Speaker 1:Literally. But I'm going to hop right on there, because when you're starting out and you don't have a master of any trade because I was just like you, dude, I had no idea what I was doing. I knew I was good with a machine. I can't hit a hammer and a nail together you would laugh at me miserably. Still to this day. It's terrible.
Speaker 1:I'm just now figuring out, you know, steadiness with an impact to get screws to go in without dodging them everywhere. Dude, I'm not that guy. But hey, man know your lane, Stay in your lane. At the same time, I'm so I'm almost envious of, because for you to go to work, yeah, you've got some tool investment 2020, let's call it $20,000 in tool investment to kind of cover those parameters that you're dealing with, but it's not a $100,000 Traco or a $100,000 skid steer or whatever the conversation may be, plus a truck to haul it. And so the overhead, with me walking in and still not know what I'm doing, is even worse of a conversation. Is what I'm trying to get at Is that you have figured out how to not have a ton of capital and a ton I'm sorry, a ton of overhead per se and not have to invest a ton of capital. You have a business Now. From that standpoint, the first thing is sales. So, mr handyman, how has the sales been in your first year?
Speaker 2:and uh, okay so the first, here's the first month or so. Um, you don't need numbers, I'm just talking about a little poster. It's cool, sales are good, I'm busy enough, I'm um to go from being a one-man thing yeah, for the first, from february, to like may or june, it was just just me. Yeah, then I started picking up a job where I could bring in one helper. Yeah, right, shout out to my dad. My dad would roll his with me and help me get this job right, which would be great, and then I would go back doing it one by one. Now, as far as sales, I got very blessed in the very beginning that I had one couple that um came to me. Word of mouth that said, that said, I need a handyman, I need my entire house remodeled, I'm living in it and we're going to go a room at a time. Okay, so day one I show up and I move all of the stuff with this family out of this bedroom and strip it down to the concrete floor and start over. Okay, that's cool. So, from floor to ceiling, paint outlets, light fixtures, flooring, everything. Wow, room's done, move everything back in. Now we're going to the master closet, shelves, whatever they want it, literally from the floor to the ceiling. And we're moving to the master, closet shelves, whatever they want it, literally from the floor to the ceiling, and we're moving through this house.
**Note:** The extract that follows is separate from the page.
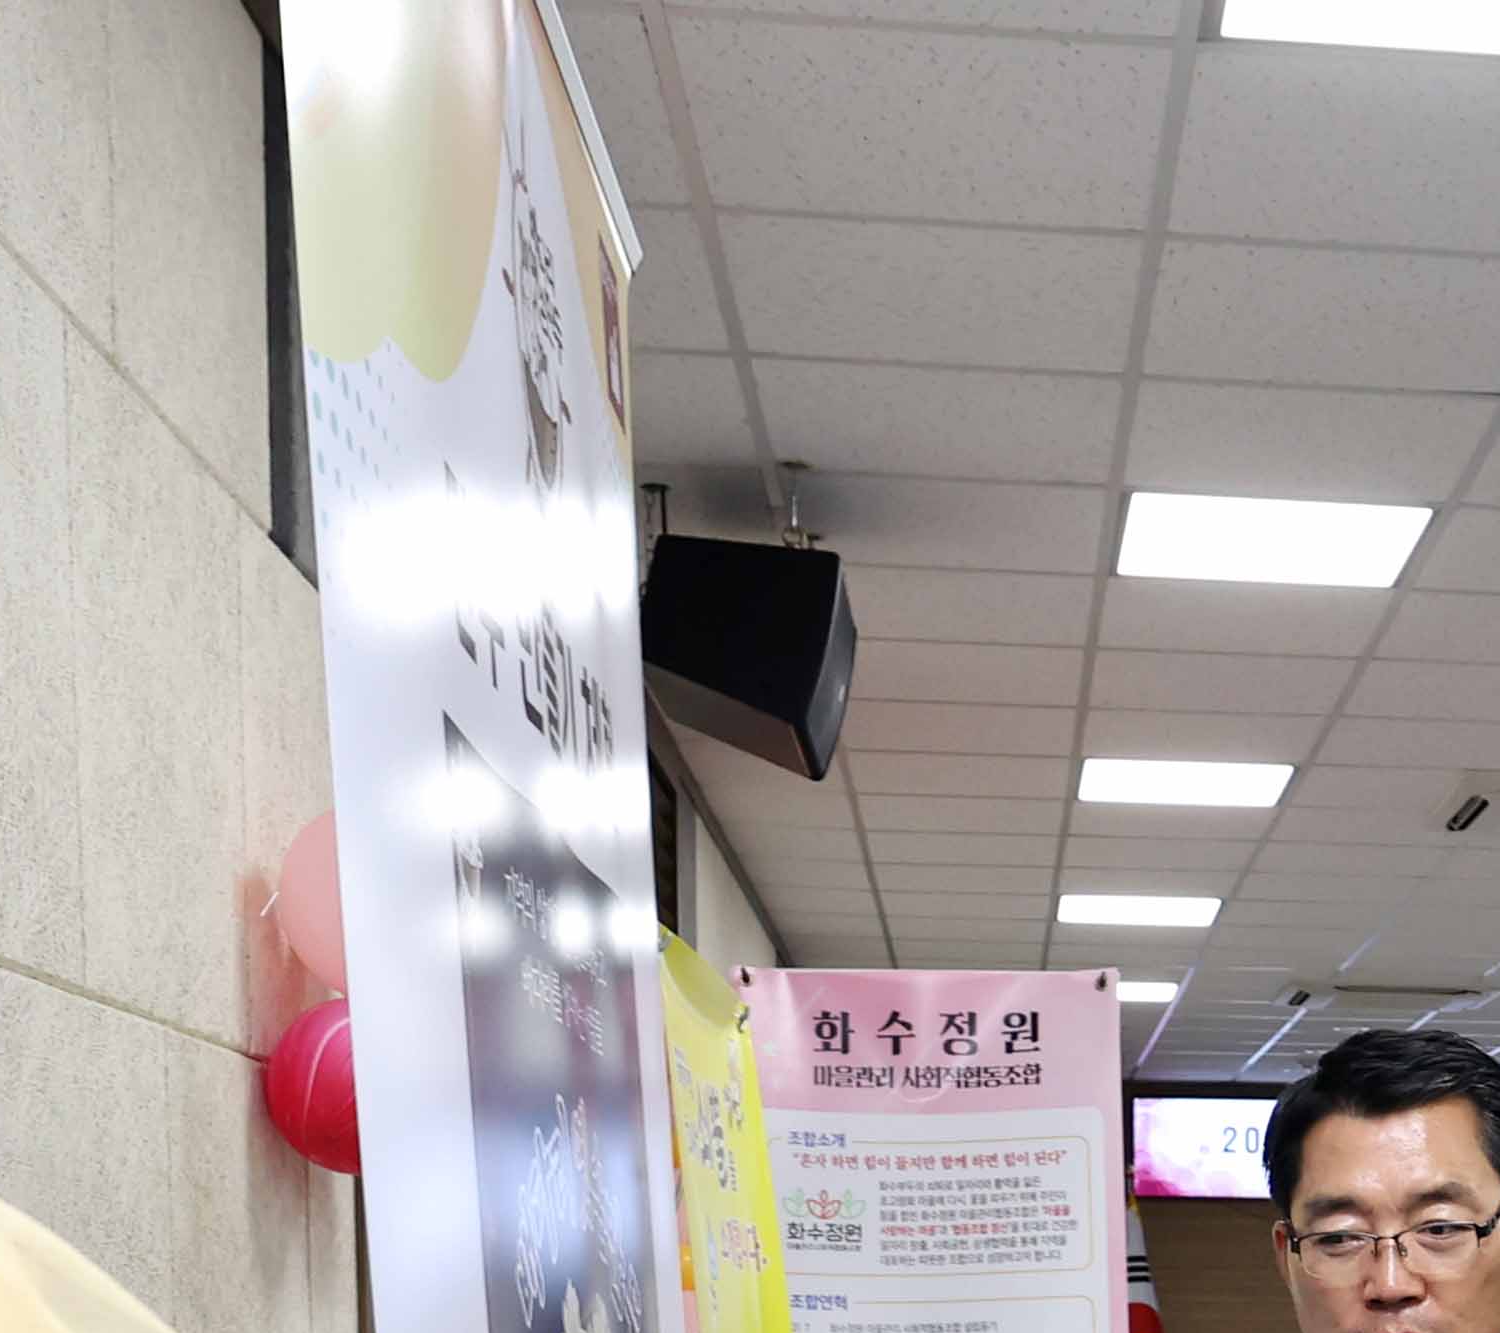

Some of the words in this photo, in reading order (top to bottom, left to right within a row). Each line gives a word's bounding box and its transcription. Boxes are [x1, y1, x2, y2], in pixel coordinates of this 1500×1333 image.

Speaker 2:How do you experience you gained? Oh yeah, oh yeah, I mean, and the things that I did, that I really didn't know how to do them. Well, right, there's a difference in doing it and doing it well 100%. And so I can go in here, I can flub something up, I can mess it up. What's the greatest way to learn is fixing your own tracks, so, and then developing through that this standard of excellence for myself. What I'm, what I say, that's okay. My house, okay. That's, that's my deal. It's good, yeah, it's good. Are the miters good on the trim? Is everything caulked right? All this stuff right? So there was a ton of learning and the cool thing is they are like we're not in a hurry, so business picked up like May, june, summertime, bigger jobs take longer, and and they're like just come back in the winter, that's so.
Speaker 2:I have this amazing thing in my back pocket. I thought I would slow down. I'm only speeding up, and now I'm to the point where I'm gonna have to throw them on my schedule and not just keep them in the in my back pocket pocket, for, oh, I've got four days. Let's go over here and start this for me. You know what I'm saying. So, which is which is great, but I'm telling you, I started literally at a really crazy time in my life.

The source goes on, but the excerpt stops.